私は少しだけ安堵するけれど、ハク君やチェシャ猫はそれどころではないらしい。
「……何とも判断できないけど……、とりあえず女王のところまで辿り着かないと何もできないか。飛ばす?」
「そうですね……、ここで消耗するか、女王の場所まで突っ切るか。ここで消耗して倒し切れなければ無意味ですが、女王まで辿り着いて囲まれるのは避けたい」
それに、とハク君は続ける。
「もしも僕の予想が正しいなら、女王の言う『アリス=リデル』というのは――」
「ねーえ、白兎。そんなことどうでもよくなあい?」
ふいにハク君の声を、そして数多の金属音を遮って、一つの声が響いた。
聞いたことのない声だ。……トランプ兵だろうか。でも、それにしては、声音にもその内容にも余裕がありすぎる。何と言うか……一介のトランプ兵なら、二人に近付いた途端斬りかかってきたっておかしくないはずなのに。
「それより遊ぼうよ。僕、今ちょおっと暇してるんだよねー」
間延びした口調は、どことなくグリフォンに似た。――だれ?
遊ぼうよ。それに暇してる、なんて。
おそらく、役なしのトランプ兵が軽々しく口にできる言葉ではない。
だったら、その声の主は、いったい?
「……《ジョーカー》」
私の疑問に答えて、チェシャ猫は唸るように呟いた。
ジョーカー?
それは、トランプでいう――最強にして、常に不確定の切り札のことだ。
そんな人がまだ、女王側に残されていたっていうの? ……初耳だ。たしかに、エースさんがさっきそんなことを呟いていたような気がしないでもないけれど……。
「や。猫。その背中にいるのはアリス、じゃなくてありす、だっけ? お噂はかねがね。会うのは初めてだねー」
多くの人が武器を交える中、穴が開いたみたいに、私たちの周囲だけが静かだった。
その声が私に向けられているのだと知り、私はおそるおそる目を開いてチェシャ猫の背中から乗り出す。
「あら。
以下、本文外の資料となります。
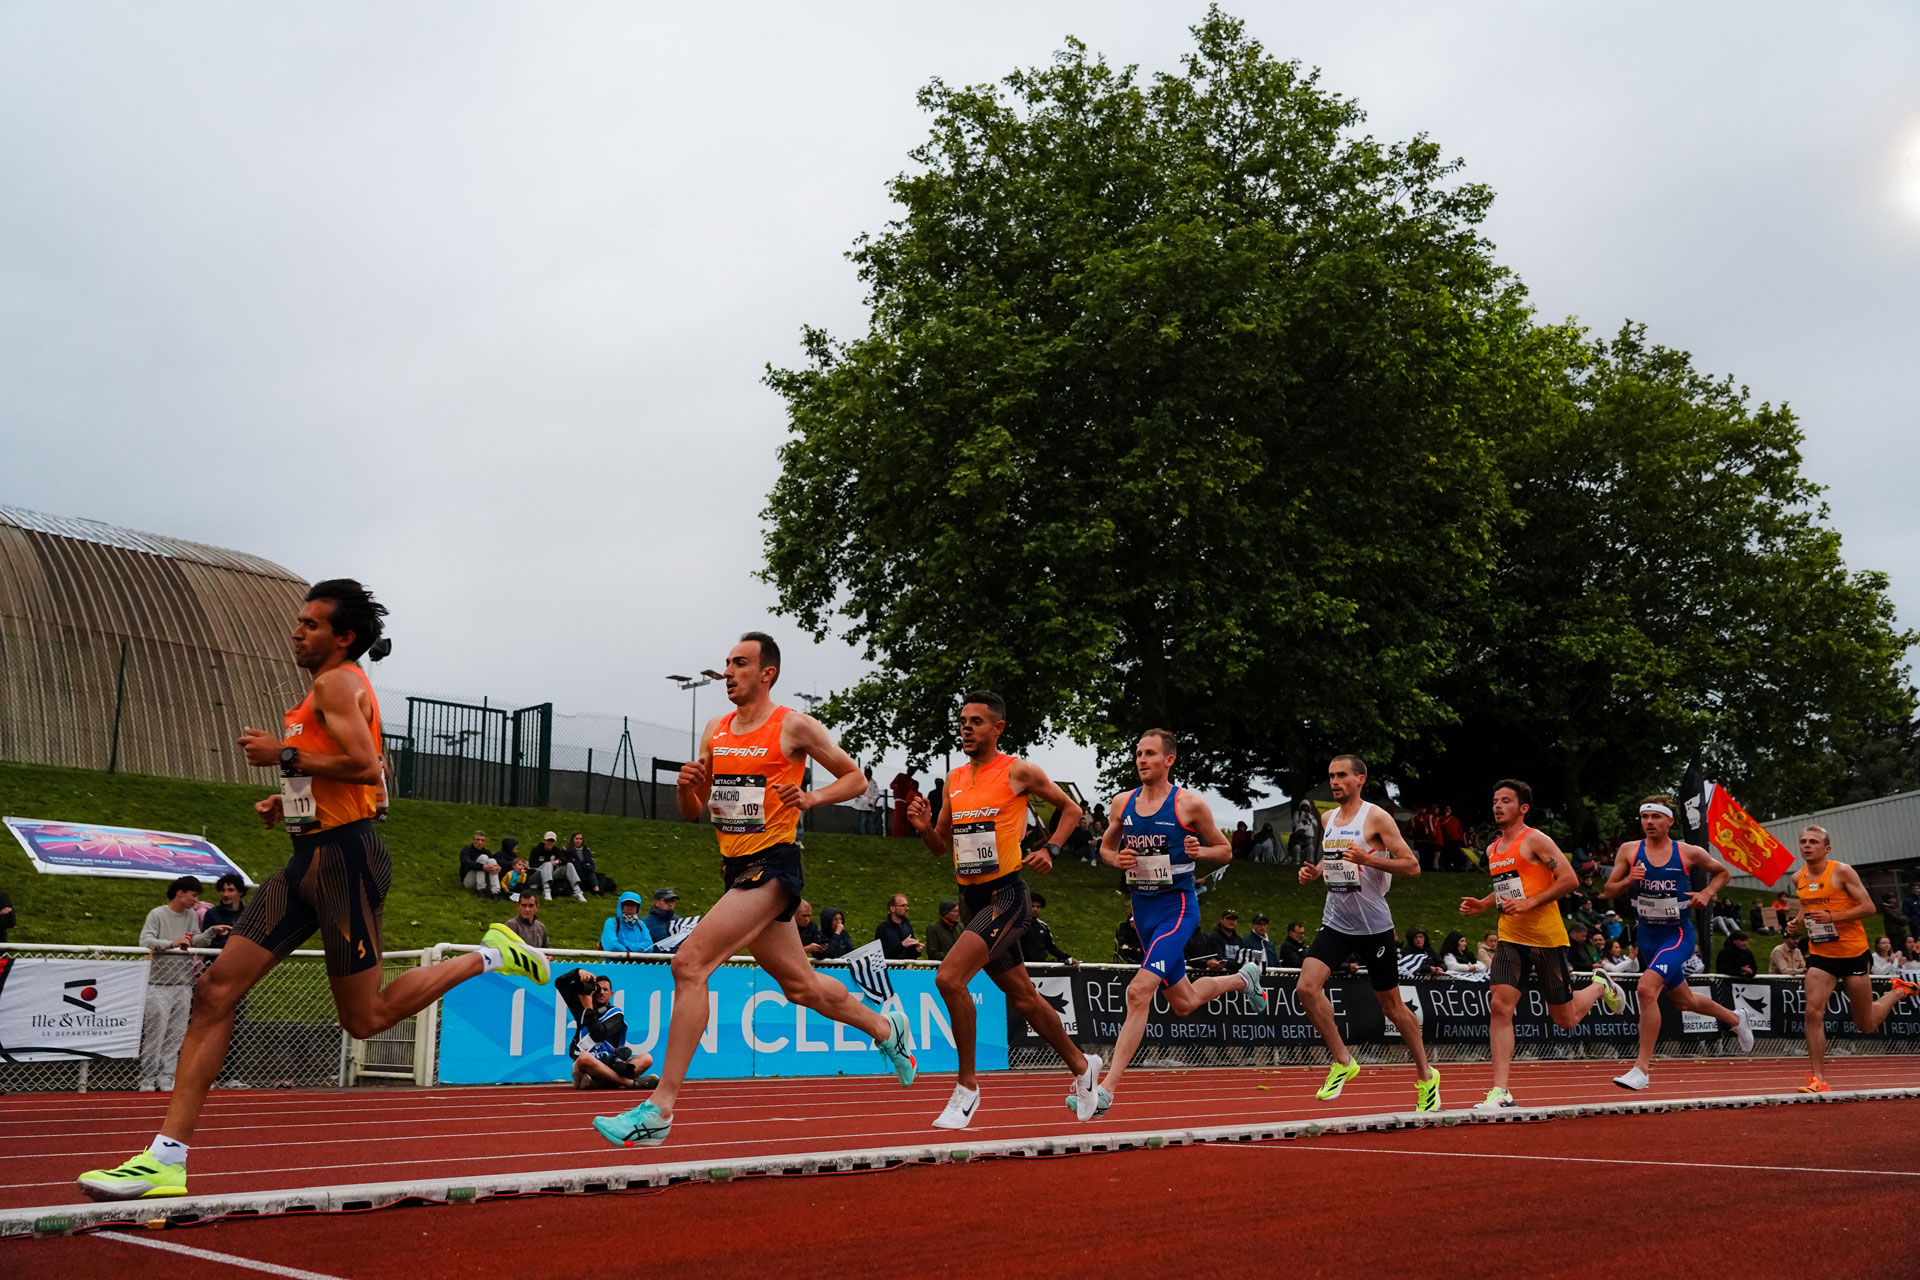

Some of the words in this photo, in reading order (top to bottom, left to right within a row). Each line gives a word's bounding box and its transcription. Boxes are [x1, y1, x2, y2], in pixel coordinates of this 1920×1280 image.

[713, 745, 768, 757] ESPAÑA
[742, 803, 759, 816] 109
[1126, 834, 1167, 848] FRANCE
[977, 846, 993, 860] 106
[1154, 867, 1168, 879] 114
[1343, 870, 1356, 881] 102
[1639, 879, 1677, 891] FRANCE
[1510, 888, 1522, 898] 108
[1207, 987, 1347, 1016] BRETAGE
[1782, 985, 1851, 1015] RÉON
[32, 1014, 56, 1028] Ille
[59, 1012, 73, 1028] &
[76, 1014, 128, 1028] Vilaine
[1170, 1023, 1217, 1039] BREIZH
[1232, 1024, 1276, 1040] REJION
[1594, 1020, 1640, 1037] BERTÈG
聞いてたより結構かわいいんじゃん、……子リスみたいっていうか?」
……馬鹿にされてる。
なれなれしいのに対してはまあ大分寛容になれたとして、少しだけむっとした。子リスって。あんた馬鹿にしてるでしょ。
でもまあそれもそのはず、私が見たのは、チョコレート色の柔らかそうな髪にキャラメル色の目をしたお約束通りに麗しい容姿の小柄な青年――少年、に近いかもしれない――だった。……癪だが、女の私よりかわいい。トランプ兵らしき制服を着てはいるが、兵、というには少し頼りなく思えてしまうほどには。
だけど。
「んじゃー自己紹介。はじめまして、ありす。僕はトランプ兵の一人、といってもそんじょそこらの雑魚じゃなくて、女王様の切り札のジョーカーなんだ。……そこのエースとも、まあ元同僚ね」
ぺこり、と小さくお辞儀をしてみせてから、ジョーカーと名乗った彼は陽気に笑った。
……だけど、その笑みを目の前にしたハク君やチェシャ猫は、畏れるように息を殺している。
たしかに、目の前の青年は可憐ともたとえられるような容貌をしているし、その唇には笑みさえ乗せているのだけれど――その目に私は、どす黒く渦巻くものを感じた。
女王様の切り札。
その言葉が本当なら……今、この状況で、彼の存在はどれほど痛いものだろう。考えると、肌が粟立つ。……余裕綽々、隙だらけに見えるのに、誰も彼には斬りかかろうとしない。ましてや、銃口を向けることさえしないのだ。まるでそれすらためらっているように。
「んー、本当はもっと前に挨拶したかったんだけど、僕の役は何せ切り札だからね。なかなか表に出してもらえなくてさあ、最近運動不足なんだよね。……そのせいで苛々して、さっきもちょっと仲間割れしちゃったよ」
ぼそりと最後に呟かれた言葉は、低く。……ちろりと出された赤い舌の奥に、牙のように尖った犬歯が見えた。
ぞっとする。悪寒が、背中を駆け抜ける。……何だっていうの、こいつ。
「……また仲間を殺したんですか、ジョーカー」
「あはは、ついカッとなってねー。ジャックにもお叱り受けちゃった、でも白兎に叱られるより全然怖くないしね? ただのトランプ兵なんて替えがきくしさ。まー、今はちょっと兵減ってるし、少しは抑えたんだよ? ほんとに殺したのは5人くらい」
ハク君があからさまに眉をひそめた、……チェシャ猫の表情は見えないけど。
少なくとも私は、言いようのない吐き気を覚えていた。
少し抑えて……仲間を殺して? 5人が少ない、っていうの。一人だって、その命はどれほど重いものか。
それともこの人は、命を命とも思っていないってわけ?
「ありす。抑えて、こいつと会話しようとしたって無駄だから」
チェシャ猫が小さく囁く。それでも、その声音には私と同じ種類の怒りを感じた。……チェシャ猫も、怒っているんだ。
「ひどいなあ、猫。僕だって最近利口になったでしょ? みんなが今回はおかしなアリスだって言うからどんな子かなあって思って、会うために結構我慢したんだからさあ」
おかしなアリス。そんなふうにたとえられることに、何の苛立ちも覚えない。
ただひたすらに思うのは、彼が何を『我慢』したのかってこと。……それはきっと、一つしかない。会ったばかりの私にでも分かる答え。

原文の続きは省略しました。